Every entry that follows should be repeated exactly; drop the images.

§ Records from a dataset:
= = =
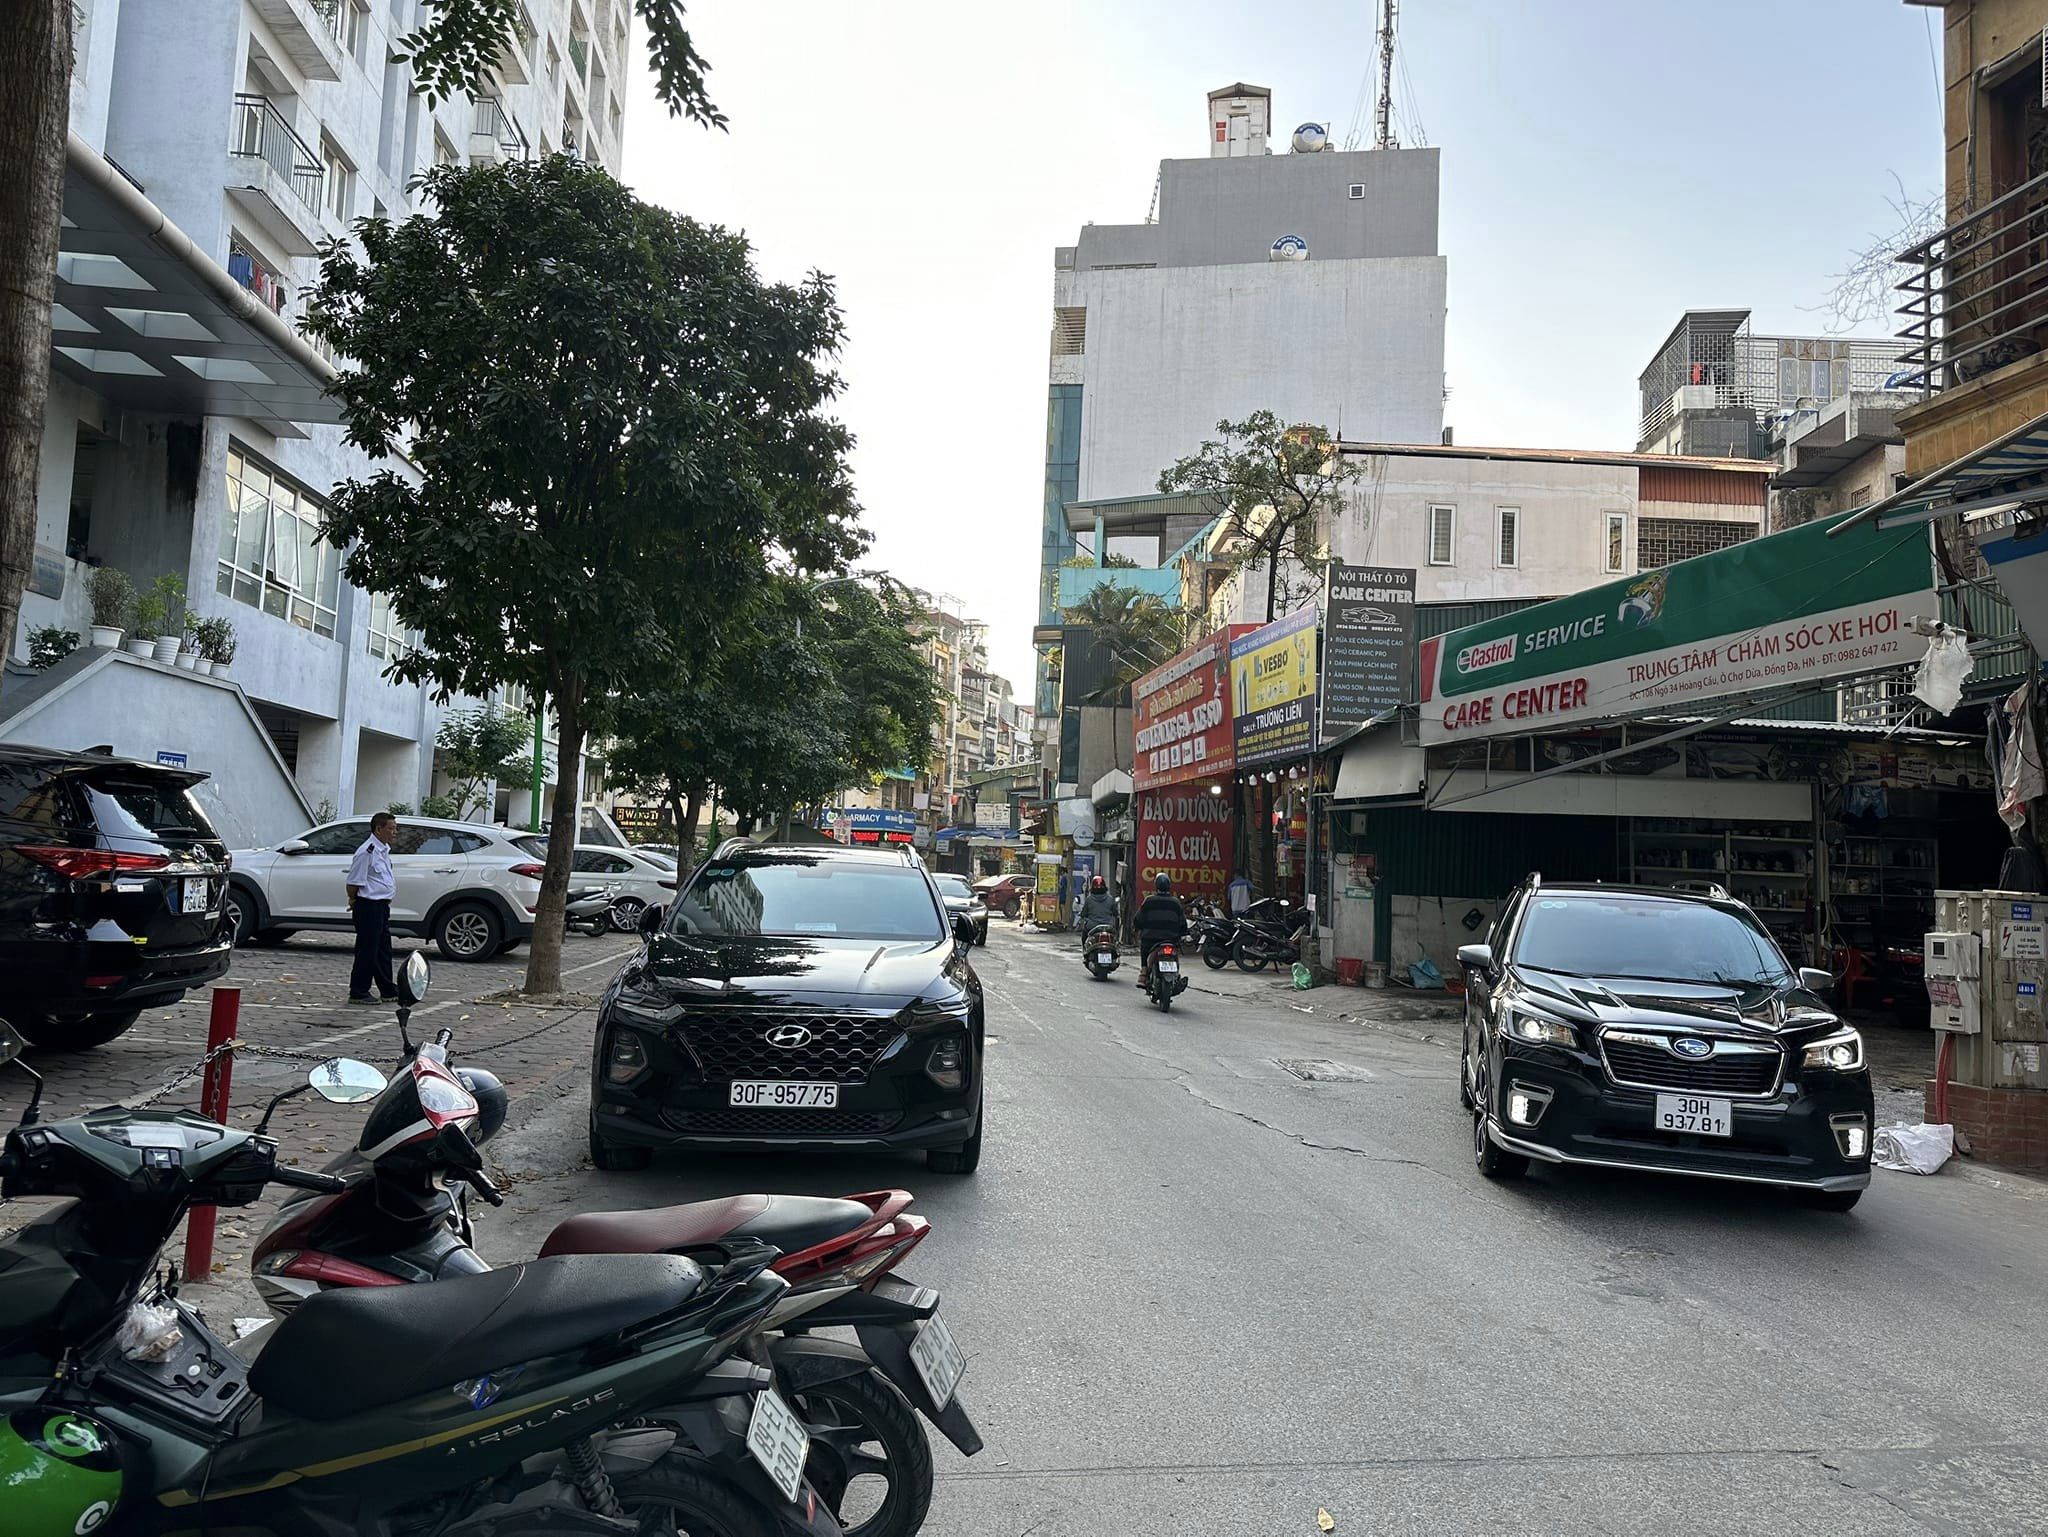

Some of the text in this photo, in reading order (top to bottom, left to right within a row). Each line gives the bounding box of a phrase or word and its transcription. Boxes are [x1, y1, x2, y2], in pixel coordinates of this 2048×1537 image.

[1338, 570, 1407, 584] NỘI THẤT Ô TÔ
[1331, 586, 1412, 603] CARE CENTER
[1471, 614, 1606, 668] Castrol SERVICE
[1627, 609, 1898, 684] TRUNG TÂM CHĂM SÓC XE HƠI
[1264, 650, 1288, 674] VESBO
[1670, 684, 1678, 692] 34
[1802, 657, 1816, 668] HN
[1838, 648, 1860, 661] 0982
[1862, 645, 1878, 656] 647
[1880, 641, 1898, 652] 472
[1286, 700, 1302, 722] LIÊN
[1443, 678, 1588, 730] CARE CENTER
[1144, 790, 1231, 823] BẢO DƯỠNG
[1146, 826, 1221, 861] SỬA CHỮA
[732, 1084, 835, 1105] 30F-957.75
[1678, 1098, 1710, 1115] 30H
[1664, 1114, 1722, 1134] 937.81
= = =
§ Response:
Some of the text in this photo, in reading order (top to bottom, left to right within a row). Each line gives the bounding box of a phrase or word and its transcription. Boxes are [x1, y1, x2, y2], in pixel coordinates of this 2048×1537 image.

[1338, 570, 1407, 584] NỘI THẤT Ô TÔ
[1331, 586, 1412, 603] CARE CENTER
[1471, 614, 1606, 668] Castrol SERVICE
[1627, 609, 1898, 684] TRUNG TÂM CHĂM SÓC XE HƠI
[1264, 650, 1288, 674] VESBO
[1670, 684, 1678, 692] 34
[1802, 657, 1816, 668] HN
[1838, 648, 1860, 661] 0982
[1862, 645, 1878, 656] 647
[1880, 641, 1898, 652] 472
[1286, 700, 1302, 722] LIÊN
[1443, 678, 1588, 730] CARE CENTER
[1144, 790, 1231, 823] BẢO DƯỠNG
[1146, 826, 1221, 861] SỬA CHỮA
[732, 1084, 835, 1105] 30F-957.75
[1678, 1098, 1710, 1115] 30H
[1664, 1114, 1722, 1134] 937.81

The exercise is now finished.